Supreme Court to rule on illegal pollution levels

The Government's four-year fight against EU clean-air rules will be decided this week

Alexandra Sims
Saturday 11 April 2015 21:59 BST
Smog blanketed much of central and southern England on Friday, including the City of London
Smog blanketed much of central and southern England on Friday, including the City of London

A Supreme Court ruling this week could finally force the Government to drastically speed up its plans to deal with dangerous levels of air pollution, as a long-running battle over illegal levels of nitrogen dioxide comes to a head.

The Department for Environment, Food and Rural Affairs (Defra) has been fighting a rear-guard action in the courts since 2011 over the Government’s failure to meet EU targets for lowering nitrogen dioxide levels.

In November, the case reached the European Court of Justice, where judges found the Government’s existing plans to cut emissions of the noxious gas would not meet legal limits until after 2030 – 20 years after the original 2010 deadline. It ordered the UK to achieve air-quality standards in the “shortest time possible” to reduce air pollution, which has been linked to 29,000 premature deaths a year across the UK.

Supreme Court judges in London will be asked on Thursday to rule that the Government must now comply. ClientEarth, the environmentalist law firm that brought the case, is calling on Defra to dramatically cut pollution from diesel vehicles – the most common source of nitrogen dioxide pollution.

Alan Andrews, a ClientEarth lawyer, said: “We are now approaching the endgame of what has been a four-year legal battle. After years of delays and excuses, we are finally making headway. The [Government’s] current plans do absolutely nothing. One government idea was to create a national system of low-emission zones but, five years later, we still have no national framework. Local government has been burdened with the task of doing this when they do not have the funding. Defra are leaving local authorities in the lurch when there needs to be a major national government effort to clean up the transport fleet.”

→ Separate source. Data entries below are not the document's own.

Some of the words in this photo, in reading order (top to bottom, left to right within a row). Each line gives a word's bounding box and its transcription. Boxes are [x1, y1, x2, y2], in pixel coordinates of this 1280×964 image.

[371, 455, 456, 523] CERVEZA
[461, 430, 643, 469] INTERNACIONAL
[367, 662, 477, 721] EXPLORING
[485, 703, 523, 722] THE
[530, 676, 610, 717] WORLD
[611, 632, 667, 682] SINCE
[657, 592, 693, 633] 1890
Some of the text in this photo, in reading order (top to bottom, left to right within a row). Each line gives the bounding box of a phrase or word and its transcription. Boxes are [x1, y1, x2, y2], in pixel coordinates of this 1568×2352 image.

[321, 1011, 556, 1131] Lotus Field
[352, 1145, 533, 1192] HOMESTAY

The court will hear the case just days after a toxic smog blanketed swathes of southern England and the Midlands. The combination of warm weather, smog and diesel emissions prompted Public Health England to issue a warning to asthma and respiratory disease suffers.

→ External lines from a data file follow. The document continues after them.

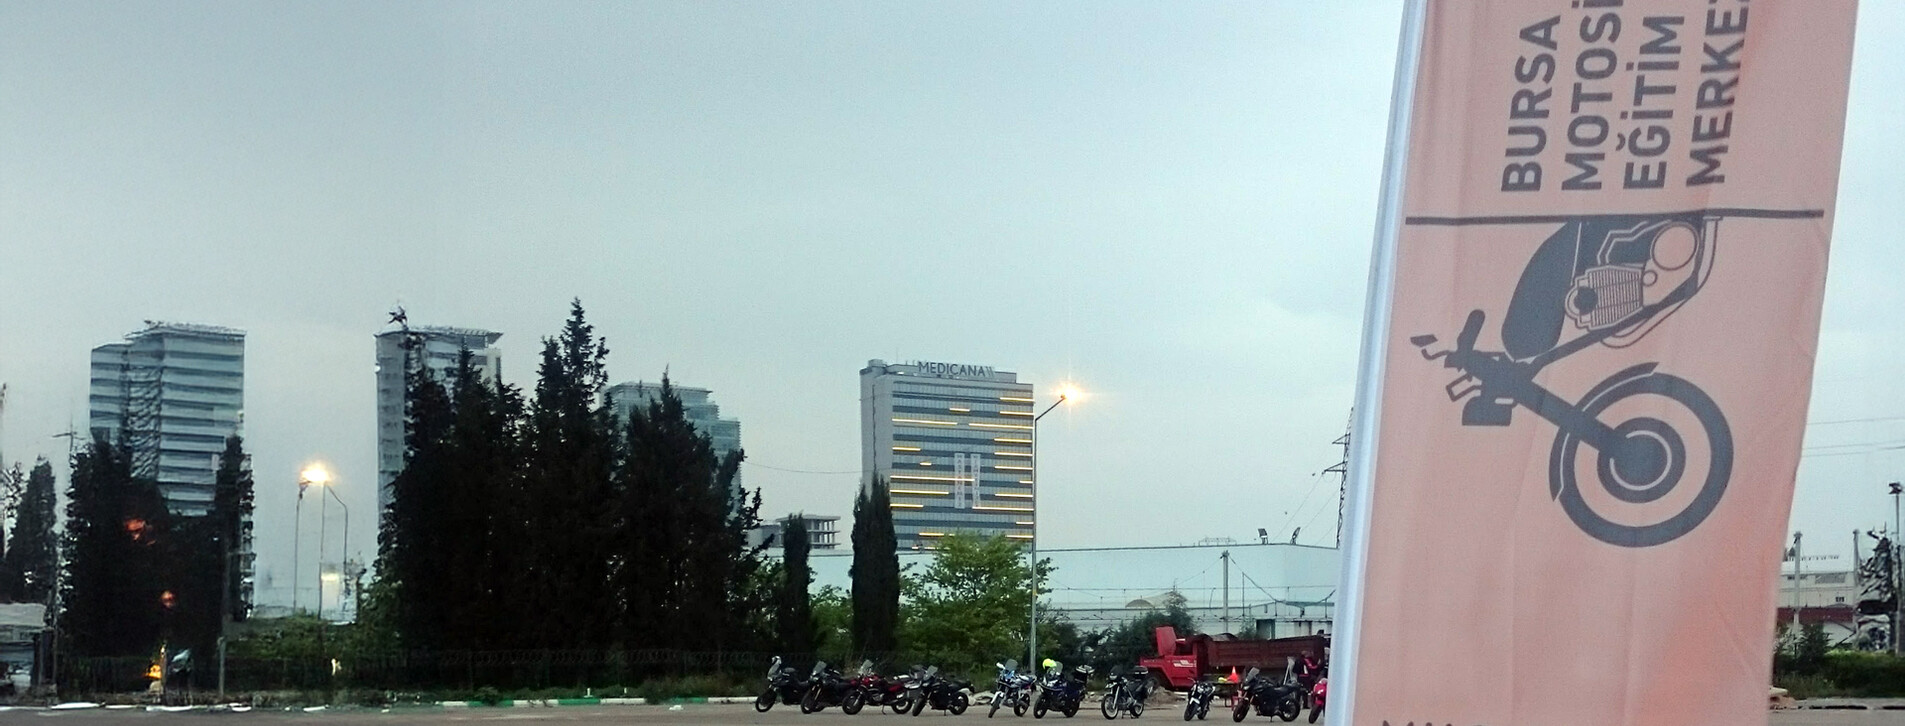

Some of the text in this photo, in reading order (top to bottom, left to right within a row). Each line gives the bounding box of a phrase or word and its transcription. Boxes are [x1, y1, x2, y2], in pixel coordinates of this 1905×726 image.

[1501, 15, 1561, 192] BURSA
[1615, 16, 1684, 189] EĞİTİM
[1686, 0, 1749, 187] MERKE
[918, 361, 986, 377] MEDICANA
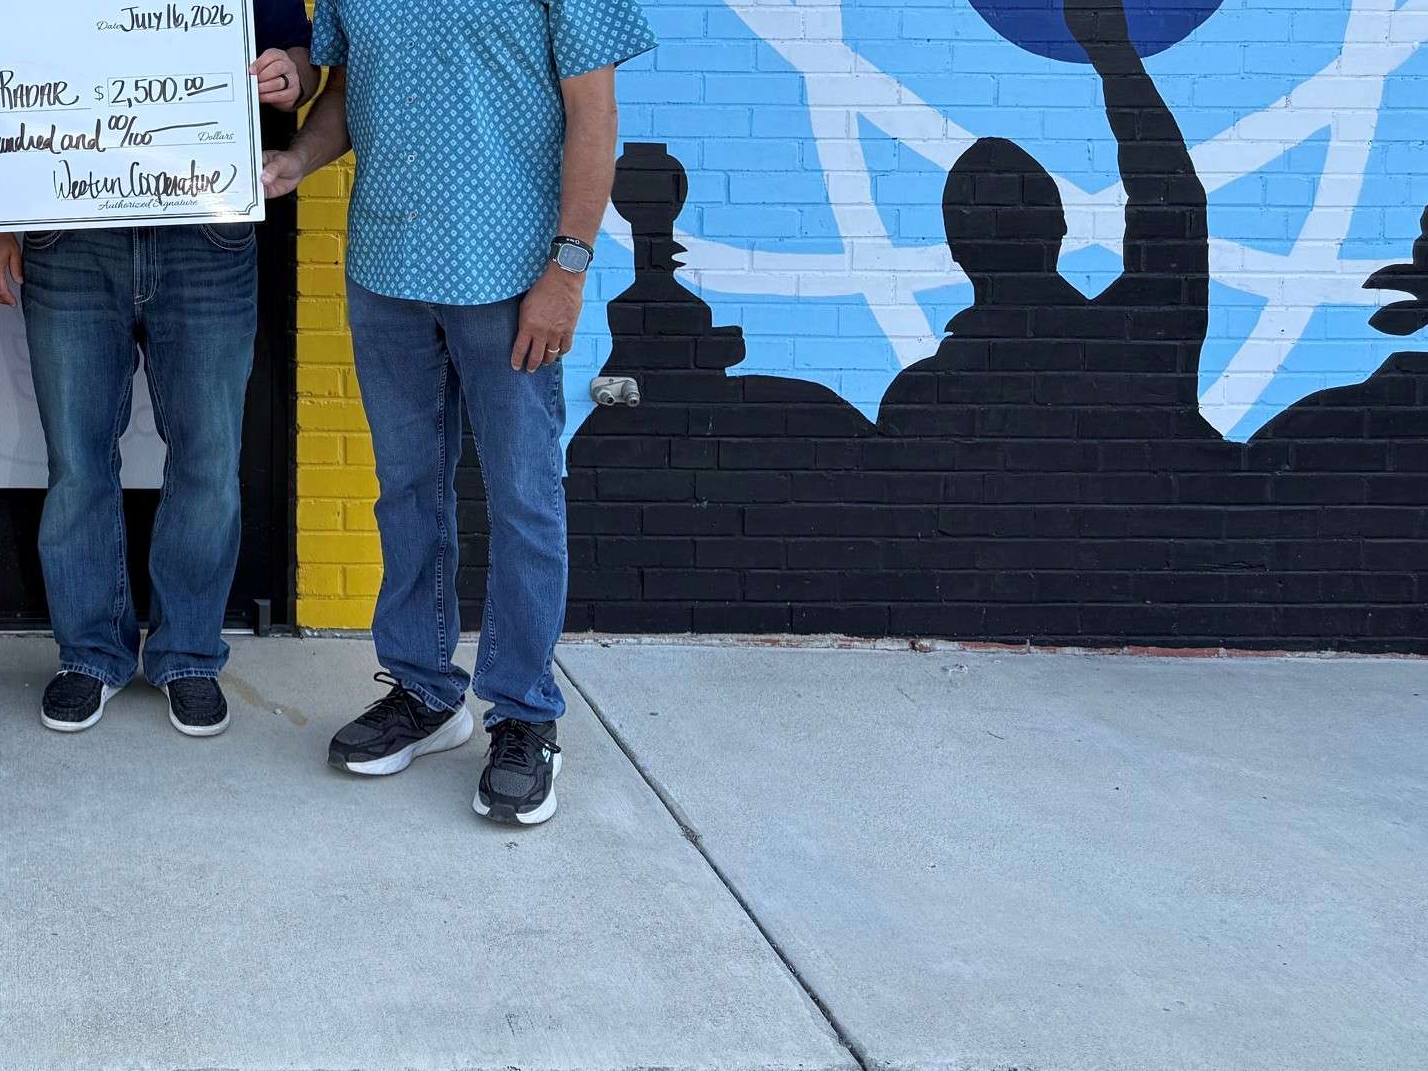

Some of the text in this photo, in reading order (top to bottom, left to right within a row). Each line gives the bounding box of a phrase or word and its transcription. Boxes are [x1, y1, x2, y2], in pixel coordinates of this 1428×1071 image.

[166, 3, 189, 32] 16,
[190, 4, 234, 27] 2026
[94, 86, 104, 101] $
[61, 118, 106, 152] and
[198, 131, 234, 142] Dollars
[98, 198, 198, 212] Authorized Signature

ClientEarth first challenged the Government in the court in 2011. It sought a judicial review focusing on 16 UK towns and regions including London, Manchester, Leeds, Birmingham and Glasgow, which will all suffer illegal air-pollution levels.

A cyclist wears a face mask to avoid inhaling pollution, in London

Experts say the Supreme Court ruling could force the Government to ban diesel cars and commercial vehicles from many city centres to cut pollution. Any clampdown would have major cost implications, especially if it led to policies such as the Mayor of London’s plans for an “ultra-low-emission zone” being adopted across the country.

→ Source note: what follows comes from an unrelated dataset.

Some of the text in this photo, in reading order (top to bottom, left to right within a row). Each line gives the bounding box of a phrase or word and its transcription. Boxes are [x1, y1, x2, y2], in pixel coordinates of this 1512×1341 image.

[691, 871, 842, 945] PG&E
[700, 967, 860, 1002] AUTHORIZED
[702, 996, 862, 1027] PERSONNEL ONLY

Responding to claims that increased air-quality regulations will hurt hauliers and the car industry, Mr Andrews said that, while environmental laws are “often seen as red tape”, they are actually “effective safeguards which could save billions” from the NHS budget. “Every year that passes, thousands more people will die or be made seriously ill from heart attacks, strokes, asthma and cancer,” he said. “We need measures to clean up diesel engines, phase out the use of diesel, create a system of low-emission zones and use cleaner, more modern methods of driving.”

A Defra spokesperson declined to comment on the legal dispute. In the past, the department has said that air quality has “improved significantly” in recent decades.